The anarchy in China is, of course, very regrettable, and every friend of China must hope that it will be brought to an end. But it would be a mistake to exaggerate the evil, or to suppose that it is comparable in magnitude to the evils endured in Europe. China must not be compared to a single European country, but to Europe as a whole. In The Times of November 11, 1921, I notice a pessimistic article headed: “The Peril of China. A dozen rival Governments.” But in Europe there are much more than a dozen Governments, and their enmities are much fiercer than those of China. The number of troops in Europe is enormously greater than in China, and they are infinitely better provided with weapons of destruction. The amount of fighting in Europe since the Armistice has been incomparably more than the amount in China during the same period. You may travel through China from end to end, and it is ten to one that you will see no signs of war. Chinese battles are seldom bloody, being fought by mercenary soldiers who take no interest in the cause for which they are supposed to be fighting. I am inclined to think that the inhabitants of China, at the present moment, are happier, on the average, than the inhabitants of Europe taken as a whole.

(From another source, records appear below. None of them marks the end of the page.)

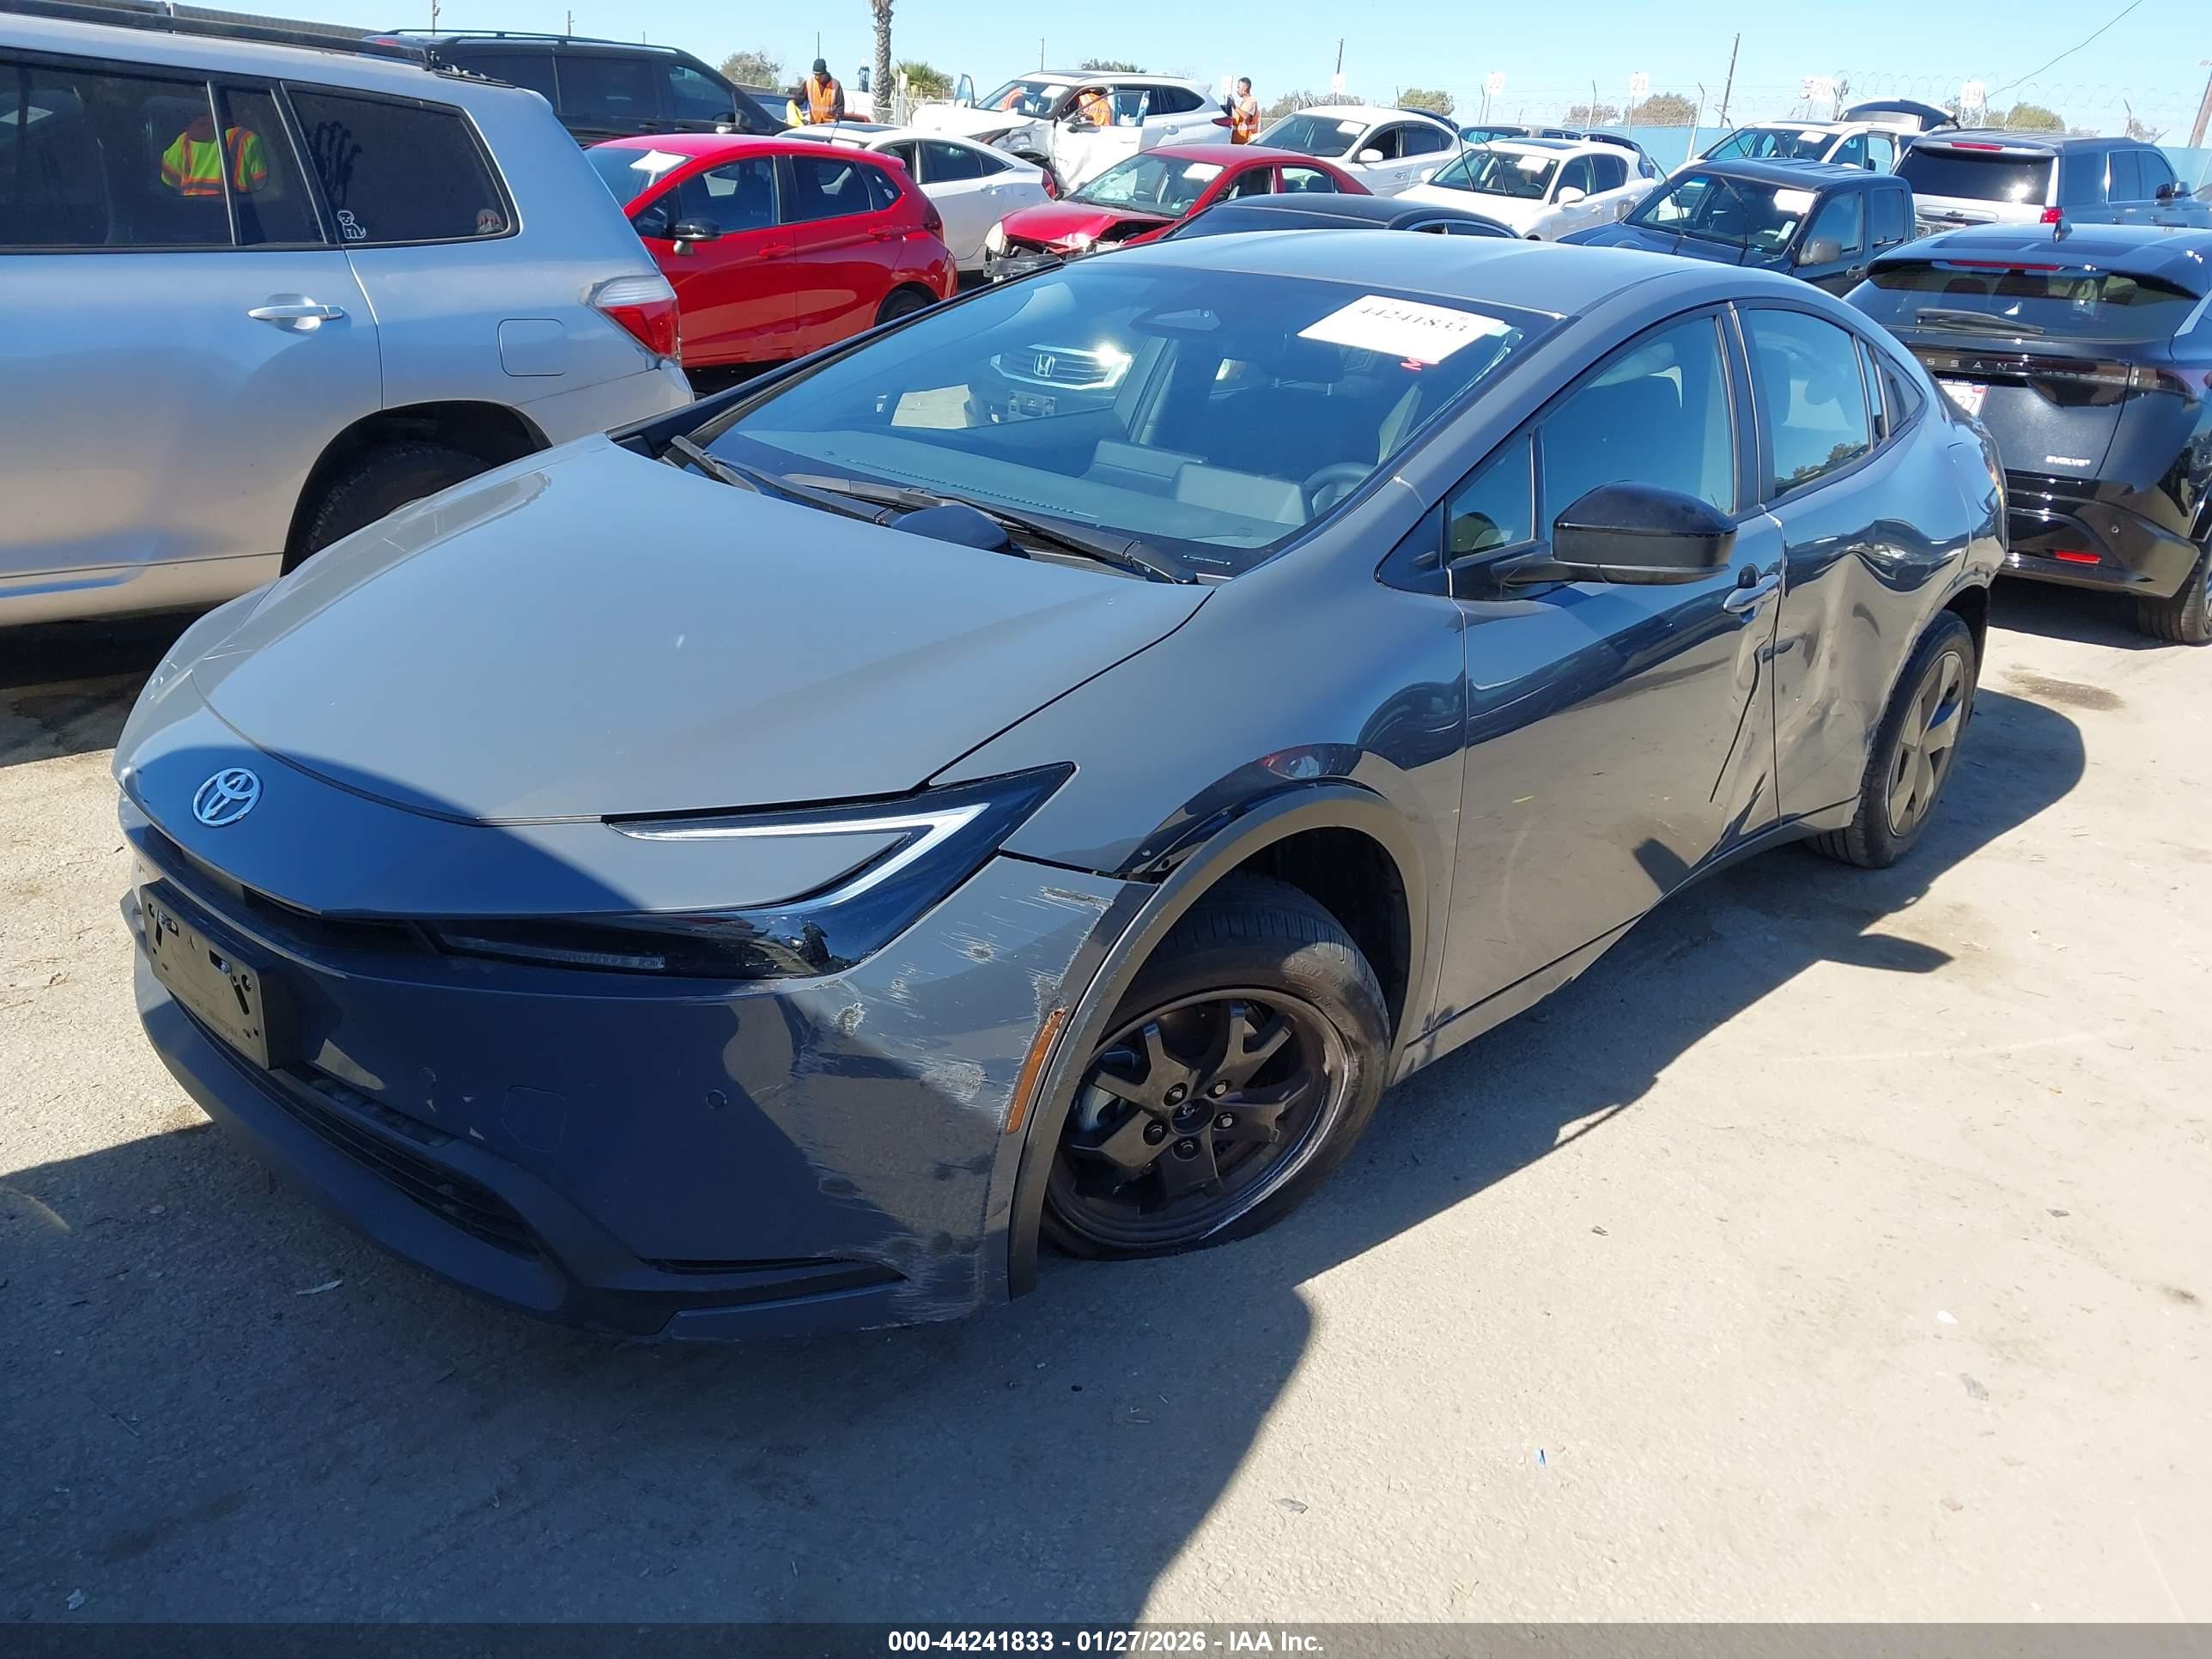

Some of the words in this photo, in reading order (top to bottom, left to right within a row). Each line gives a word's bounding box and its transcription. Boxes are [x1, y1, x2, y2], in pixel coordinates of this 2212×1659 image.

[1632, 78, 1645, 91] 21
[1814, 82, 1832, 96] 20
[1963, 88, 1981, 101] 19
[1926, 357, 2008, 371] SSAN
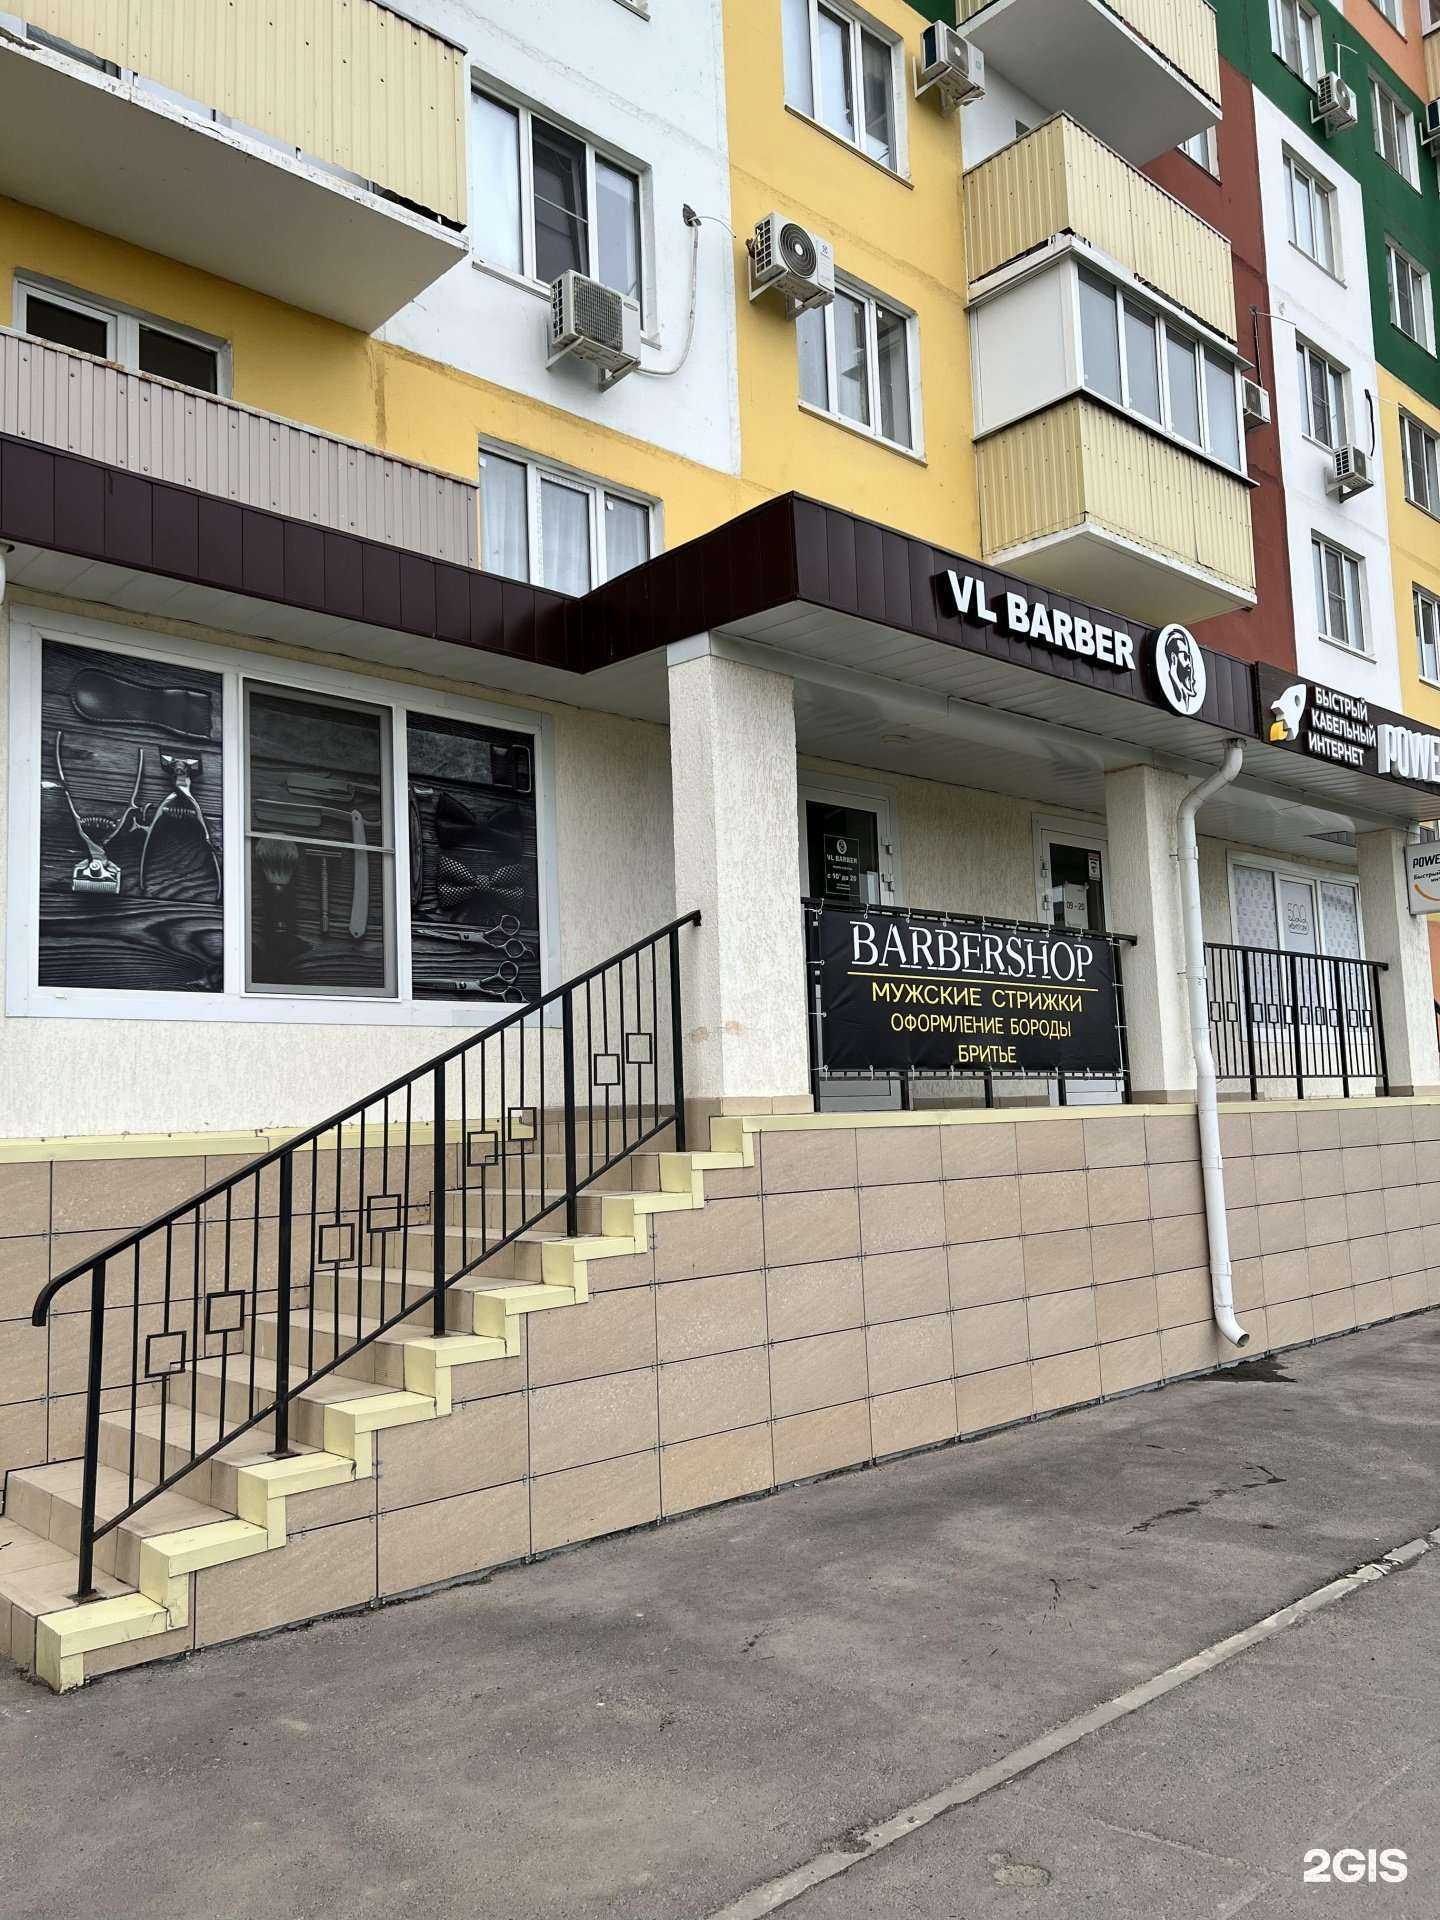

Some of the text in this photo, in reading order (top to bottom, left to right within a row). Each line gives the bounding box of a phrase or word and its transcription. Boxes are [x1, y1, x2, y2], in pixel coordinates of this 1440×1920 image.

[947, 569, 1136, 671] VL BARBER
[1315, 686, 1368, 722] БЫСТРЫЙ
[1311, 708, 1377, 748] КАБЕЛЬНЫЙ
[1308, 731, 1365, 767] ИНТЕРНЕТ
[849, 921, 1093, 981] BARBERSHOP
[872, 982, 1082, 1013] МУЖСКИЕ СТРИЖКИ
[890, 1012, 1072, 1040] ОФОРМЛЕНИЕ БОРОДЫ
[957, 1044, 1017, 1064] БРИТЬЕ
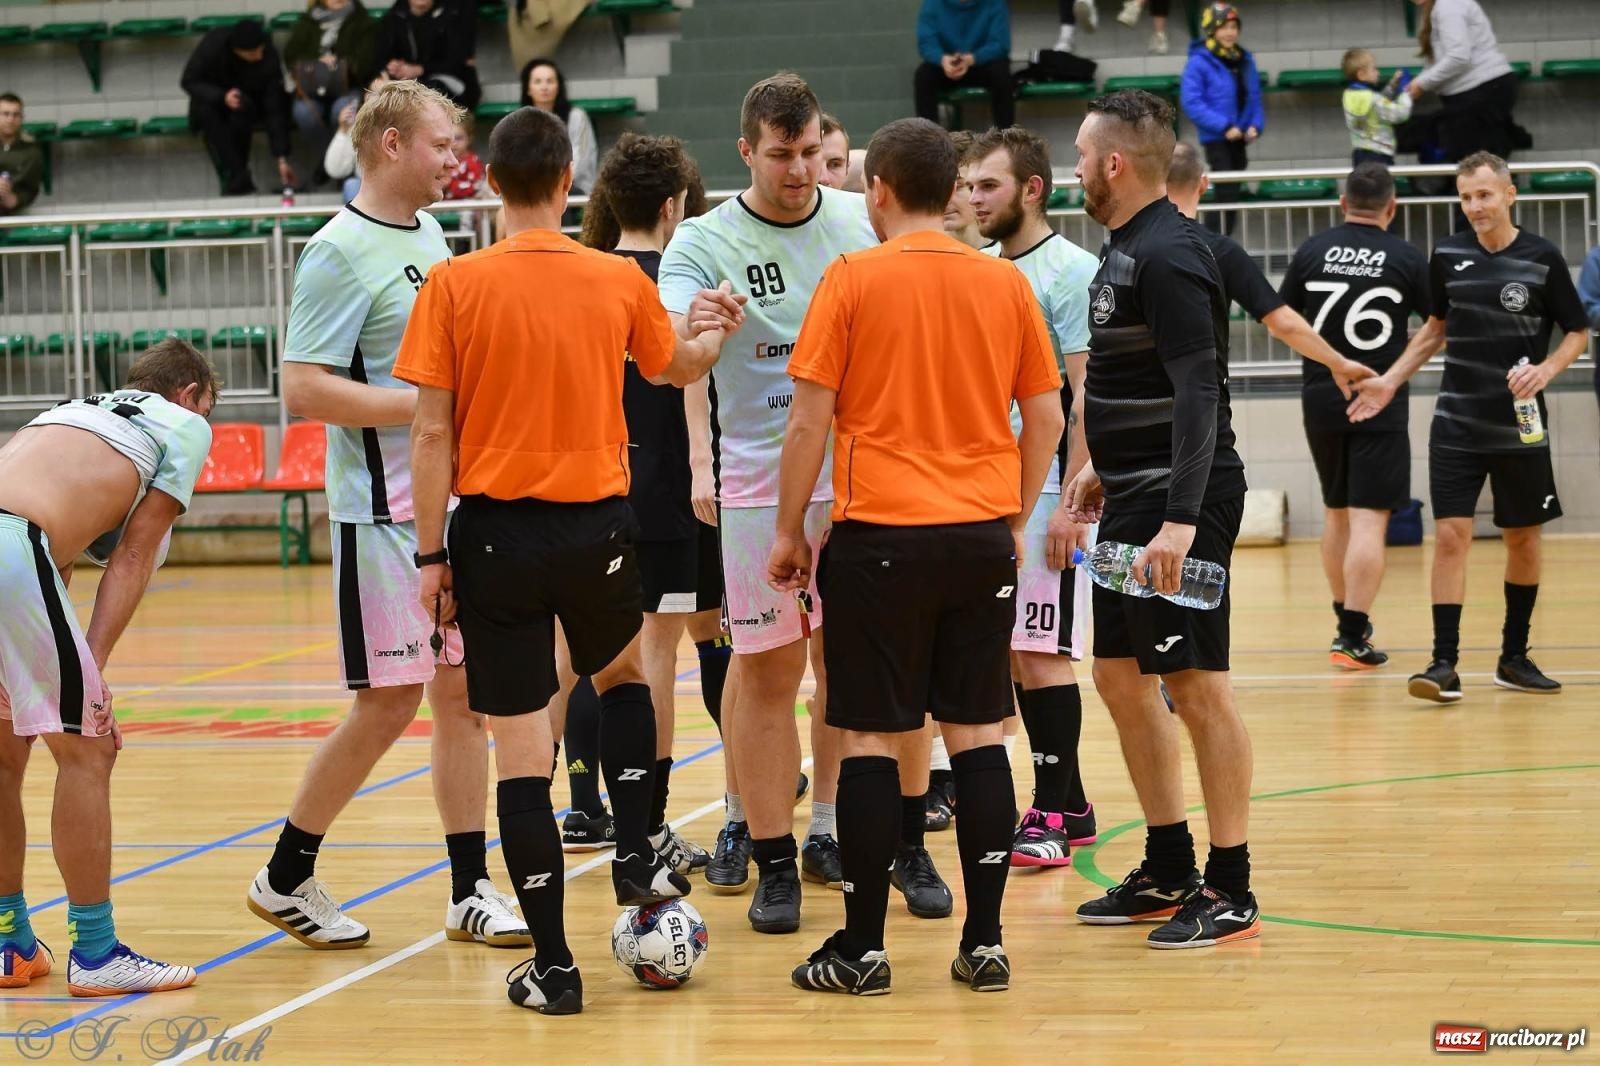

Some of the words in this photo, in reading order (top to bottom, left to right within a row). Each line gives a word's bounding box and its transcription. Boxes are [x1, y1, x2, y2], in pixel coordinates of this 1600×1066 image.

[1322, 263, 1384, 278] RACIBÓRZ
[1324, 246, 1387, 267] ODRA
[747, 262, 786, 298] 99
[1305, 281, 1404, 351] 76
[1025, 602, 1055, 632] 20
[667, 916, 687, 967] SELECT

It is clear, I think, that political reform in China, when it becomes possible, will have to take the form of a federal constitution, allowing a very large measure of autonomy to the provinces. The division into provinces is very ancient, and provincial feeling is strong. After the revolution, a constitution more or less resembling our own was attempted, only with a President instead of a King. But the successful working of a non-federal constitution requires a homogeneous population without much local feeling, as may be seen from our own experience in Ireland. Most progressive Chinese, as far as I was able to judge, now favour a federal constitution, leaving to the Central Government not much except armaments, foreign affairs, and customs. But the difficulty of getting rid of the existing military anarchy is very great. The Central Government cannot disband the troops, because it cannot find the money to pay them. It would be necessary to borrow from abroad enough money to pay off the troops and establish them in new jobs. But it is doubtful whether any Power or Powers would make such a loan without exacting the sacrifice of the last remnants of Chinese independence. One must therefore hope that somehow the Chinese will find a way of escaping from their troubles without too much foreign assistance.
It is by no means impossible that one of the Tuchuns may become supreme, and may then make friends with the constitutionalists as the best way of consolidating his influence. China is a country where public opinion has great weight, and where the desire to be thought well of may quite possibly lead a successful militarist into patriotic courses. There are, at the moment, two Tuchuns who are more important than any of the others. These are Chang-tso-lin and Wu-Pei-Fu, both of whom have been already mentioned. Chang-tso-lin is supreme in Manchuria, and strong in Japanese support; he represents all that is most reactionary in China. Wu-Pei-Fu, on the other hand, is credited with liberal tendencies. He is an able general; not long ago, nominally at the bidding of Peking, he established his authority on the Yangtze and in Hunan, thereby dealing a blow to the hopes of Canton. It is not easy to see how he could come to terms with the Canton Government, especially since it has allied itself with Chang-tso-lin, but in the rest of China he might establish his authority and seek to make it permanent by being constitutional (see Appendix). If so, China might have a breathing-space, and a breathing-space is all that is needed.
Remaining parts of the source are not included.